═══ Dataset content
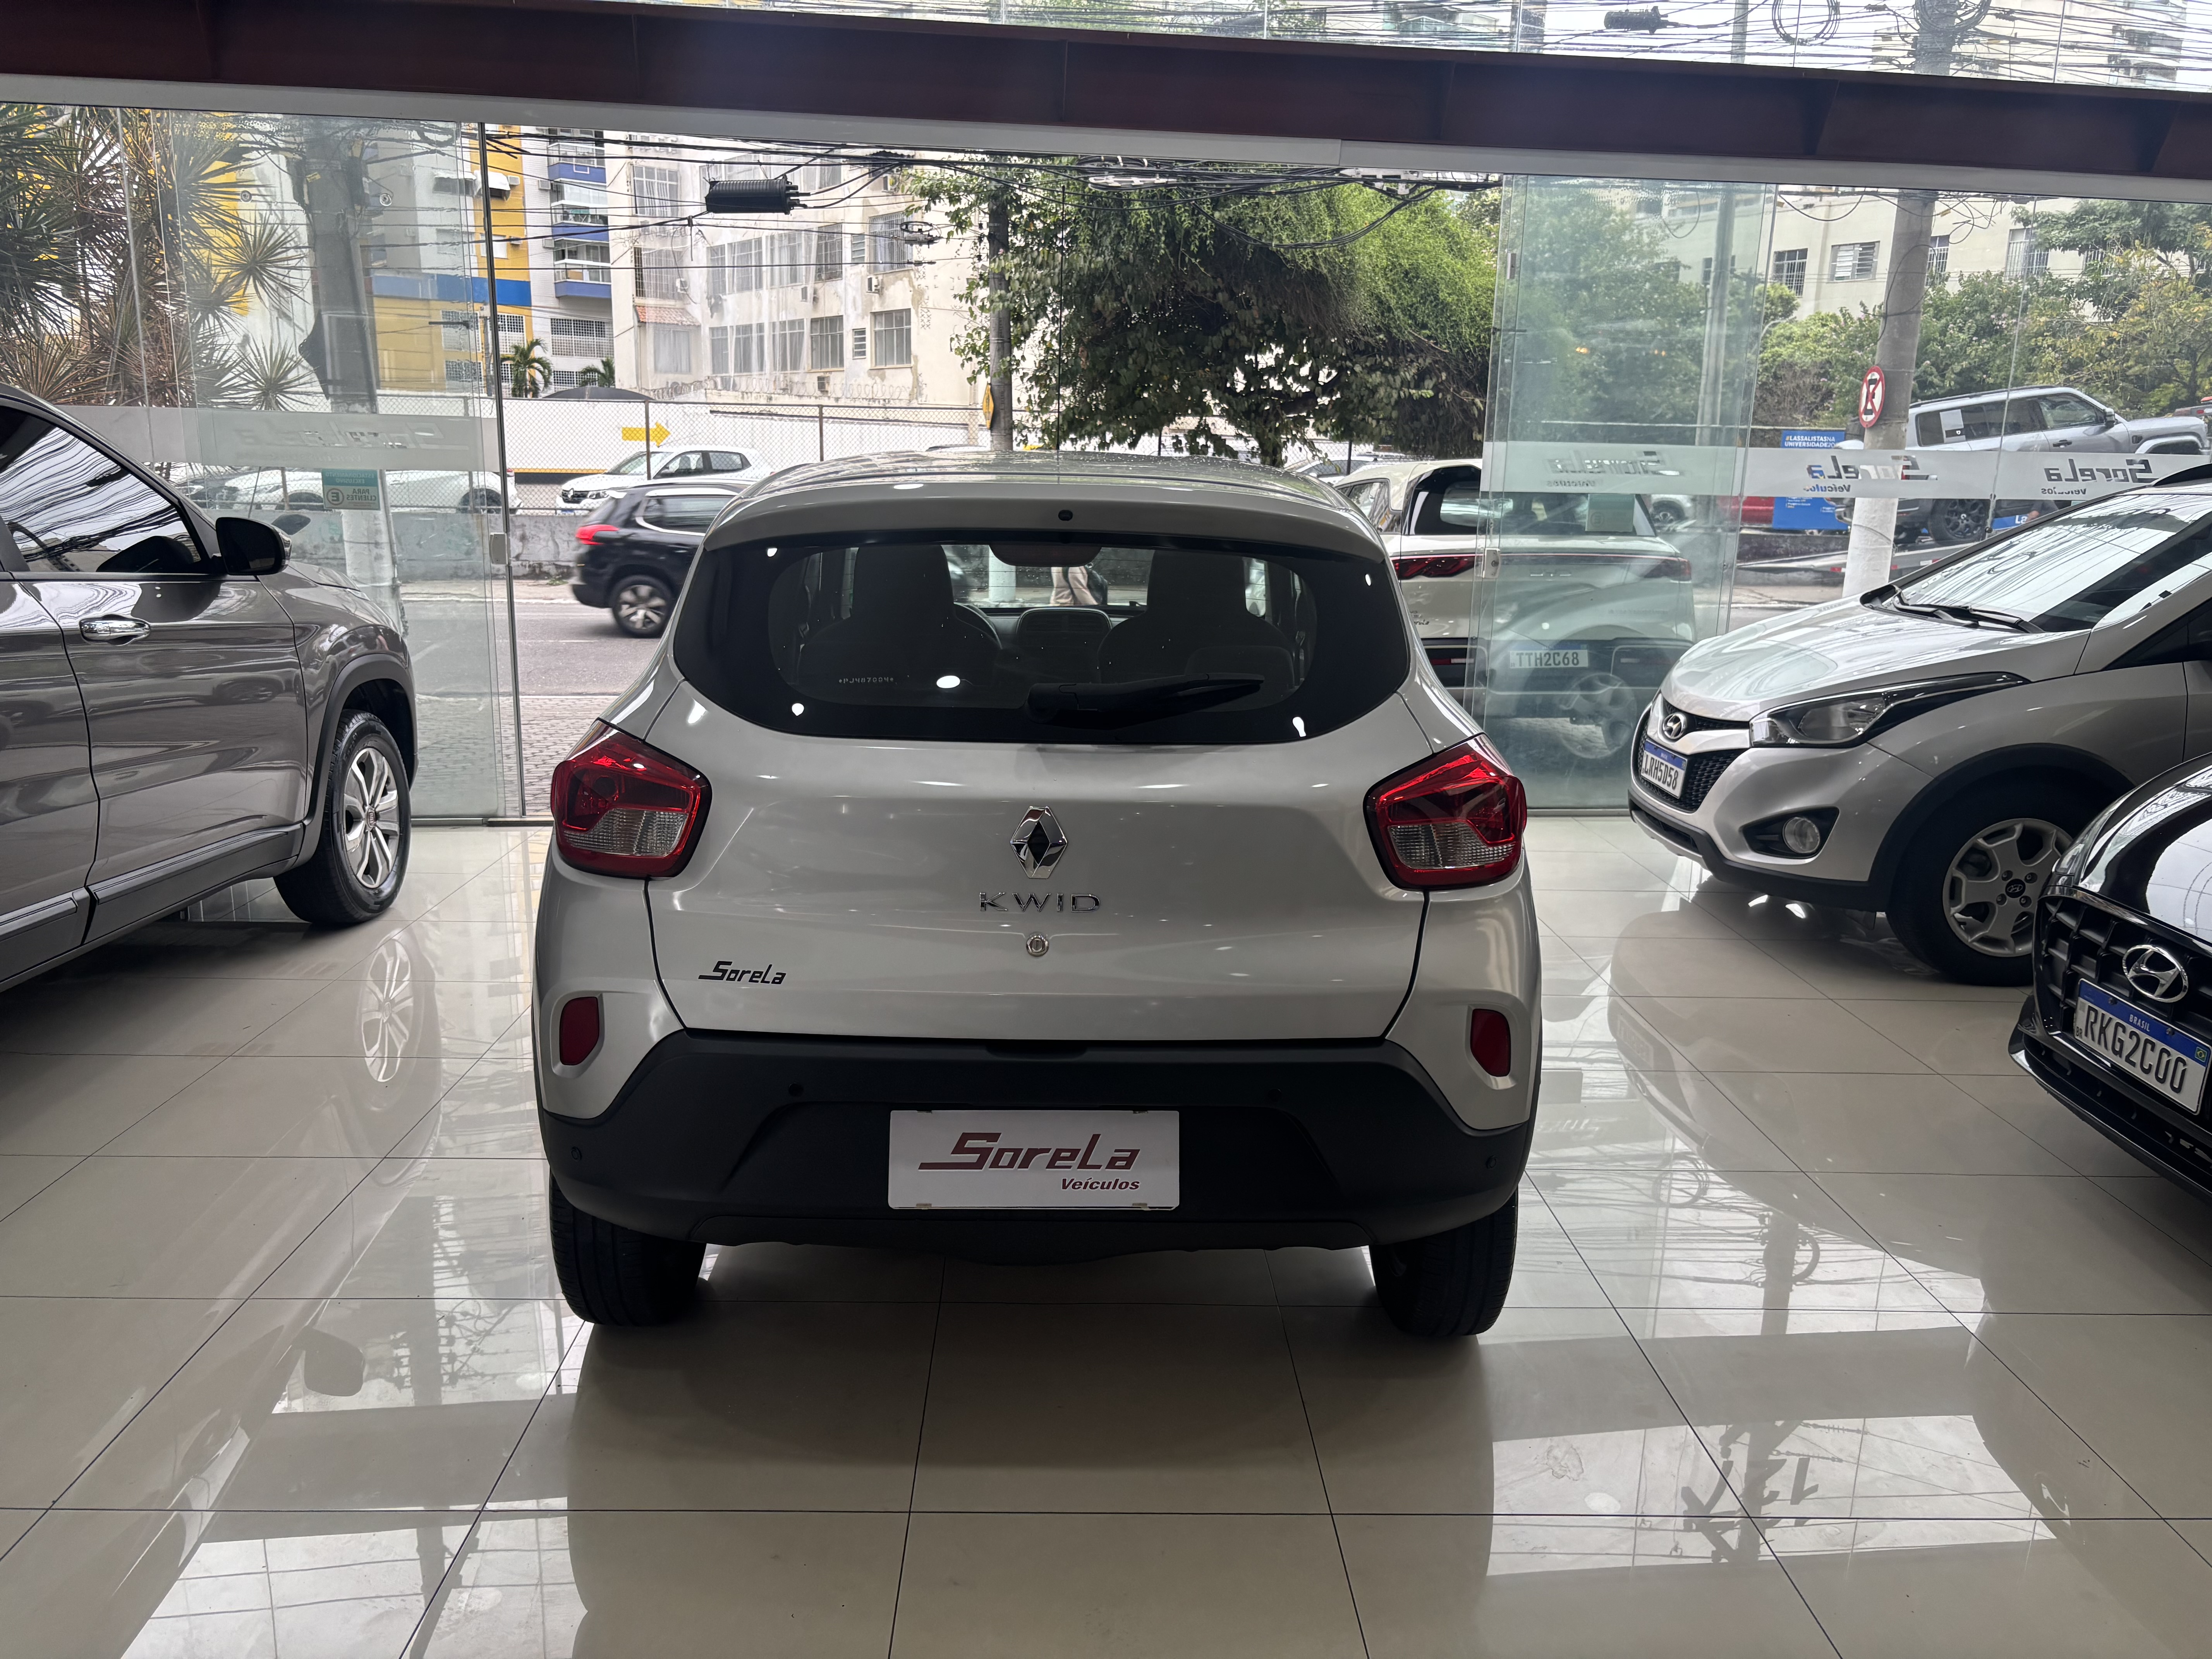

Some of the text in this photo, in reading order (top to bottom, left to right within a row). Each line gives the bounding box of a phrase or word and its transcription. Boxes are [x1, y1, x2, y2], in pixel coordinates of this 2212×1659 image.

[1516, 652, 1579, 667] TTH2C68
[1644, 754, 1679, 791] LRH5D58
[979, 892, 1101, 912] KWID
[2129, 1013, 2150, 1032] BRASIL
[2076, 1026, 2083, 1039] BR
[2085, 1005, 2188, 1094] RKG2C00
[1061, 1177, 1140, 1190] Veículos
══════
* [Required work]
Every record above must be given again exactly; drop the pictures.

* [Task output]
Some of the text in this photo, in reading order (top to bottom, left to right within a row). Each line gives the bounding box of a phrase or word and its transcription. Boxes are [x1, y1, x2, y2], in pixel coordinates of this 2212×1659 image.

[1516, 652, 1579, 667] TTH2C68
[1644, 754, 1679, 791] LRH5D58
[979, 892, 1101, 912] KWID
[2129, 1013, 2150, 1032] BRASIL
[2076, 1026, 2083, 1039] BR
[2085, 1005, 2188, 1094] RKG2C00
[1061, 1177, 1140, 1190] Veículos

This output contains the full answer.